§ **EXTRACTED RECORDS**

■ ■ ■ ■

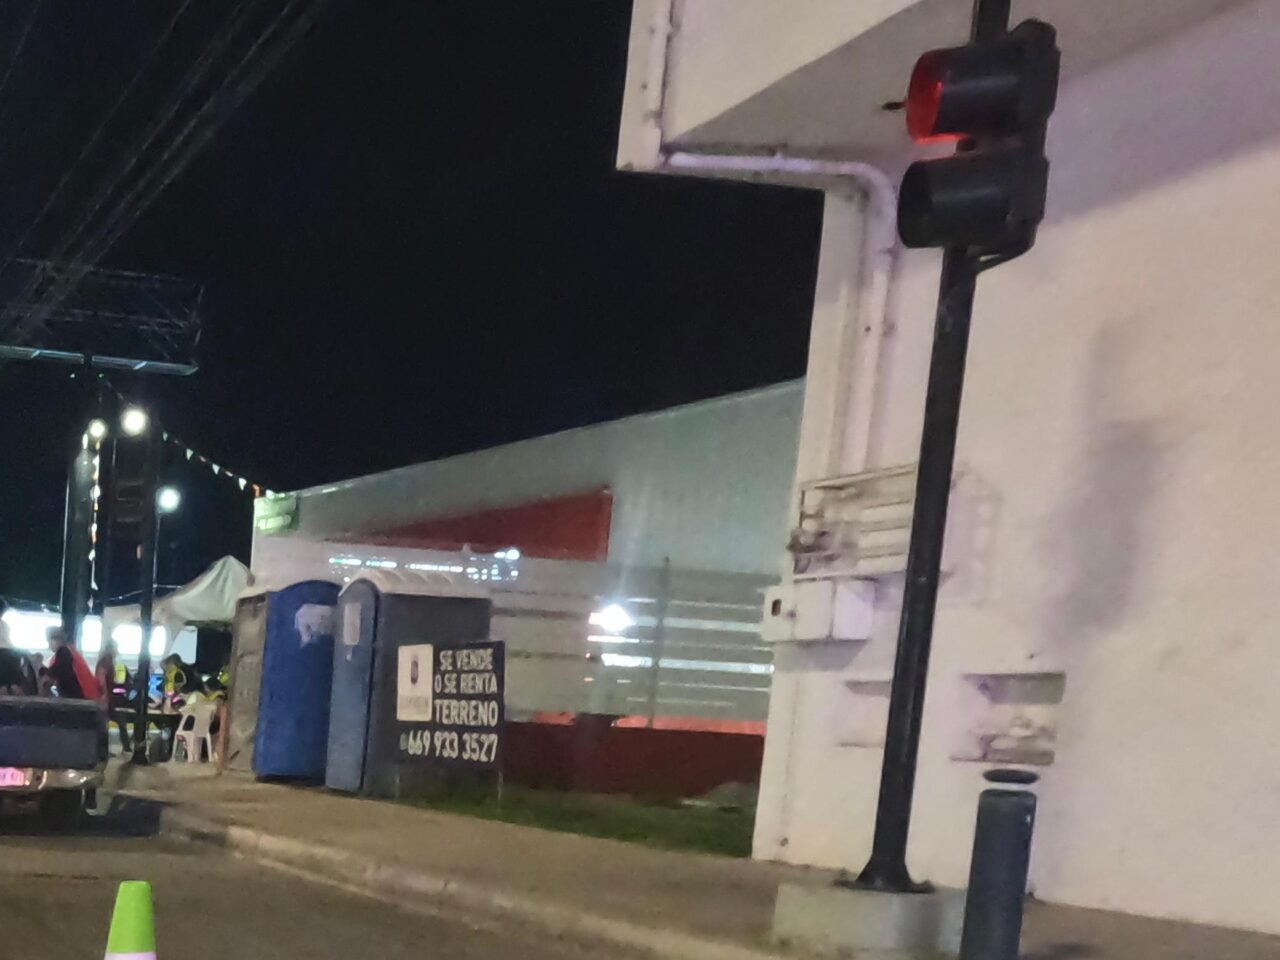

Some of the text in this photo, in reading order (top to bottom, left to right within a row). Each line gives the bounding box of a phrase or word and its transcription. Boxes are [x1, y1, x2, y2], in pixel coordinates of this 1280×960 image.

[439, 648, 494, 671] SE VENDE
[434, 671, 498, 695] O SE RENTA
[434, 698, 499, 727] TERRENO
[407, 729, 498, 763] 669 933 3527
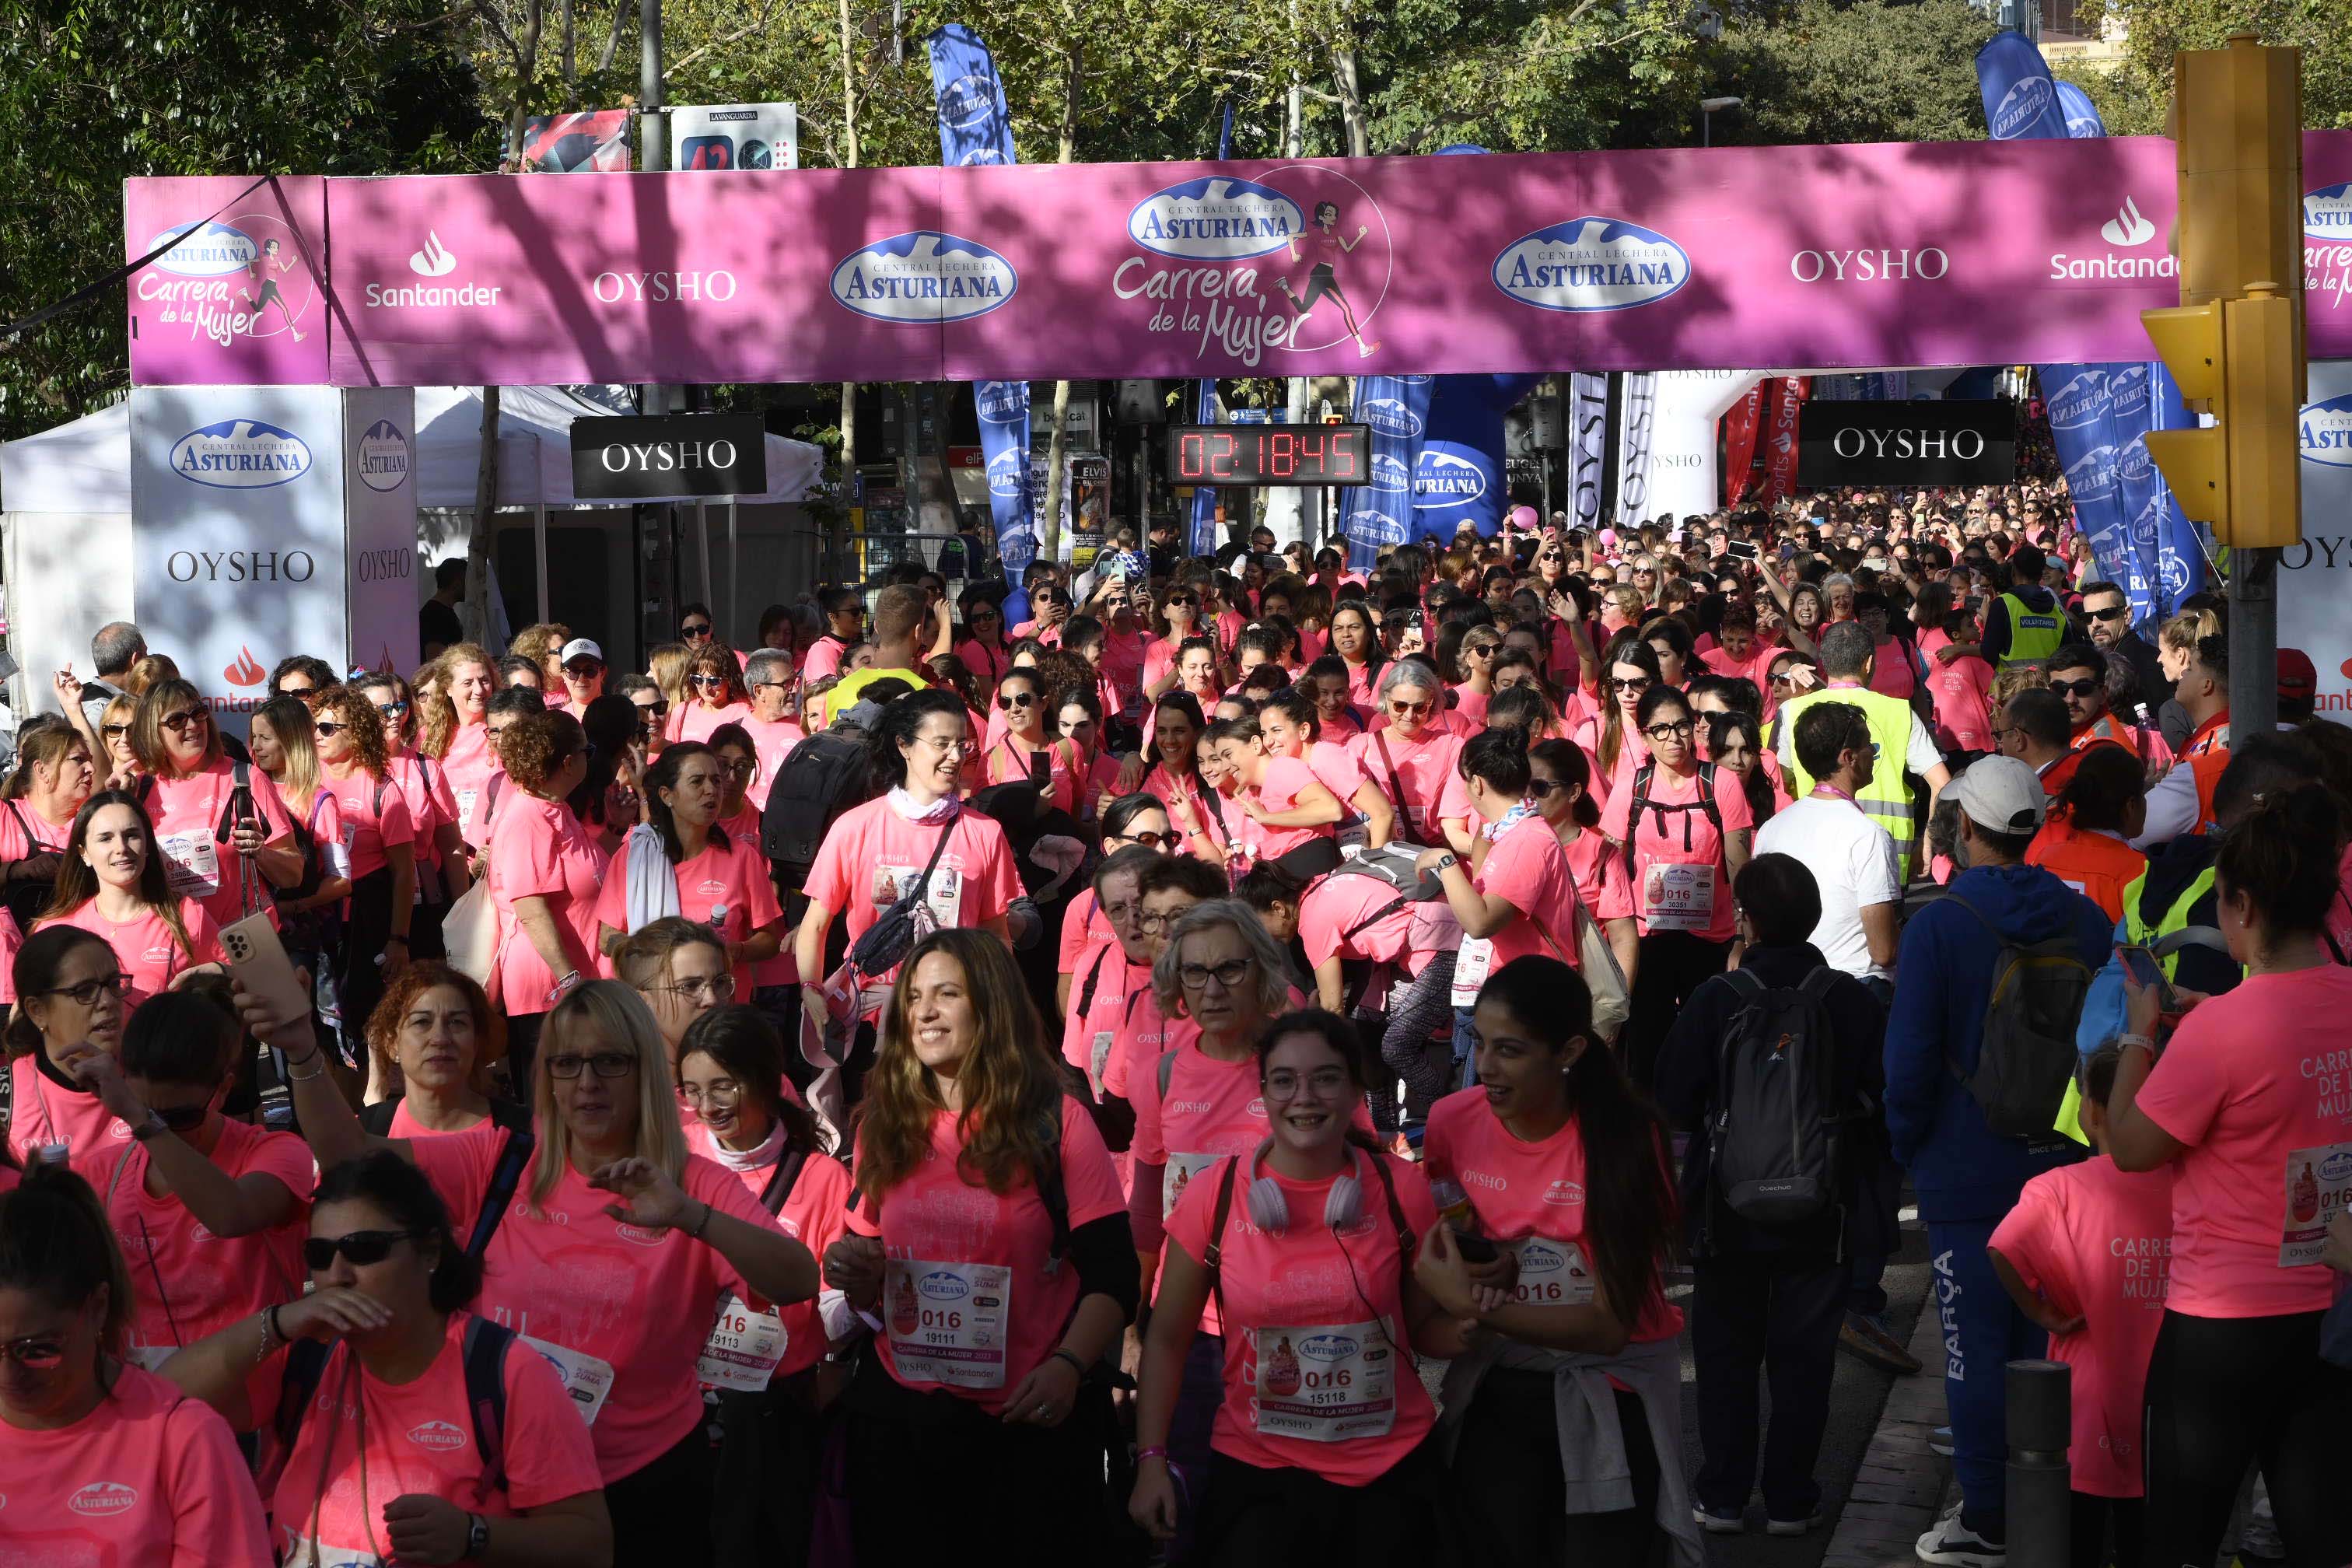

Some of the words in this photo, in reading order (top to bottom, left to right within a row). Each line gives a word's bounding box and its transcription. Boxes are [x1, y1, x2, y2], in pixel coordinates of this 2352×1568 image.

[1168, 205, 1224, 215] CENTRAL
[1229, 205, 1286, 214] LECHERA
[1141, 208, 1290, 240] ASTURIANA
[156, 240, 249, 263] ASTURIANA
[1538, 250, 1591, 261] CENTRAL
[1605, 249, 1668, 259] LECHERA
[873, 263, 930, 272] CENTRAL
[937, 262, 996, 272] LECHERA
[1507, 254, 1675, 288] ASTURIANA
[1790, 247, 1949, 282] OYSHO
[2050, 253, 2179, 280] Santand
[137, 273, 229, 302] Carrera
[593, 269, 737, 303] OYSHO
[844, 266, 1003, 300] ASTURIANA
[1111, 256, 1258, 299] Carrera
[366, 282, 501, 307] Santander
[160, 300, 177, 323] de
[180, 299, 194, 323] la
[190, 299, 264, 348] Mujer
[1148, 302, 1175, 332] de
[1181, 300, 1202, 332] la
[1196, 297, 1313, 367] Mujer
[1575, 371, 1608, 523] OYSH
[1623, 371, 1653, 511] OYSH
[1833, 428, 1984, 460] OYSHO
[180, 445, 302, 471] ASTURIANA
[361, 448, 406, 474] ASTURIANA
[602, 439, 737, 472] OYSHO
[1181, 433, 1354, 477] 02:18:45
[1655, 453, 1702, 468] YSHO
[1083, 467, 1107, 477] ELVIS
[1415, 478, 1478, 494] URIANA
[167, 551, 314, 583] OYSHO
[359, 547, 411, 582] OYSHO
[2021, 617, 2056, 628] VOLUNTARIS
[1667, 889, 1691, 900] 016
[2301, 1048, 2352, 1079] CARR
[2319, 1073, 2341, 1096] DE
[1173, 1101, 1211, 1113] OYSHO
[1462, 1169, 1507, 1192] OYSHO
[2110, 1237, 2172, 1257] CARRE
[2126, 1258, 2149, 1277] DE
[922, 1280, 965, 1294] ASTURIANA
[1517, 1283, 1562, 1301] 016
[2123, 1278, 2169, 1298] MUJE
[716, 1313, 747, 1333] 16
[922, 1310, 962, 1328] 016
[1934, 1249, 1965, 1381] BARÇA
[925, 1332, 956, 1345] 19111
[1300, 1343, 1354, 1356] ASTURIANA
[948, 1349, 972, 1358] MUJER
[954, 1367, 996, 1377] Santander
[1305, 1369, 1352, 1388] 016
[1310, 1391, 1346, 1405] 15118
[411, 1430, 462, 1444] ASTURIANA
[73, 1495, 133, 1509] ASTURIANA

■ ■ ■ ■

Take the listing above and restate it word for word, without its pictures.

§ **SOLVED PROBLEM**
Some of the text in this photo, in reading order (top to bottom, left to right within a row). Each line gives the bounding box of a phrase or word and its transcription. Boxes are [x1, y1, x2, y2], in pixel coordinates of this 1280×960 image.

[439, 648, 494, 671] SE VENDE
[434, 671, 498, 695] O SE RENTA
[434, 698, 499, 727] TERRENO
[407, 729, 498, 763] 669 933 3527

Some of the words in this photo, in reading order (top to bottom, left to right within a row). Each line gives a word's bounding box and its transcription. Boxes are [x1, y1, x2, y2], in pixel coordinates of this 2352×1568 image.

[1168, 205, 1224, 215] CENTRAL
[1229, 205, 1286, 214] LECHERA
[1141, 208, 1290, 240] ASTURIANA
[156, 240, 249, 263] ASTURIANA
[1538, 250, 1591, 261] CENTRAL
[1605, 249, 1668, 259] LECHERA
[873, 263, 930, 272] CENTRAL
[937, 262, 996, 272] LECHERA
[1507, 254, 1675, 288] ASTURIANA
[1790, 247, 1949, 282] OYSHO
[2050, 253, 2179, 280] Santand
[137, 273, 229, 302] Carrera
[593, 269, 737, 303] OYSHO
[844, 266, 1003, 300] ASTURIANA
[1111, 256, 1258, 299] Carrera
[366, 282, 501, 307] Santander
[160, 300, 177, 323] de
[180, 299, 194, 323] la
[190, 299, 264, 348] Mujer
[1148, 302, 1175, 332] de
[1181, 300, 1202, 332] la
[1196, 297, 1313, 367] Mujer
[1575, 371, 1608, 523] OYSH
[1623, 371, 1653, 511] OYSH
[1833, 428, 1984, 460] OYSHO
[180, 445, 302, 471] ASTURIANA
[361, 448, 406, 474] ASTURIANA
[602, 439, 737, 472] OYSHO
[1181, 433, 1354, 477] 02:18:45
[1655, 453, 1702, 468] YSHO
[1083, 467, 1107, 477] ELVIS
[1415, 478, 1478, 494] URIANA
[167, 551, 314, 583] OYSHO
[359, 547, 411, 582] OYSHO
[2021, 617, 2056, 628] VOLUNTARIS
[1667, 889, 1691, 900] 016
[2301, 1048, 2352, 1079] CARR
[2319, 1073, 2341, 1096] DE
[1173, 1101, 1211, 1113] OYSHO
[1462, 1169, 1507, 1192] OYSHO
[2110, 1237, 2172, 1257] CARRE
[2126, 1258, 2149, 1277] DE
[922, 1280, 965, 1294] ASTURIANA
[1517, 1283, 1562, 1301] 016
[2123, 1278, 2169, 1298] MUJE
[716, 1313, 747, 1333] 16
[922, 1310, 962, 1328] 016
[1934, 1249, 1965, 1381] BARÇA
[925, 1332, 956, 1345] 19111
[1300, 1343, 1354, 1356] ASTURIANA
[948, 1349, 972, 1358] MUJER
[954, 1367, 996, 1377] Santander
[1305, 1369, 1352, 1388] 016
[1310, 1391, 1346, 1405] 15118
[411, 1430, 462, 1444] ASTURIANA
[73, 1495, 133, 1509] ASTURIANA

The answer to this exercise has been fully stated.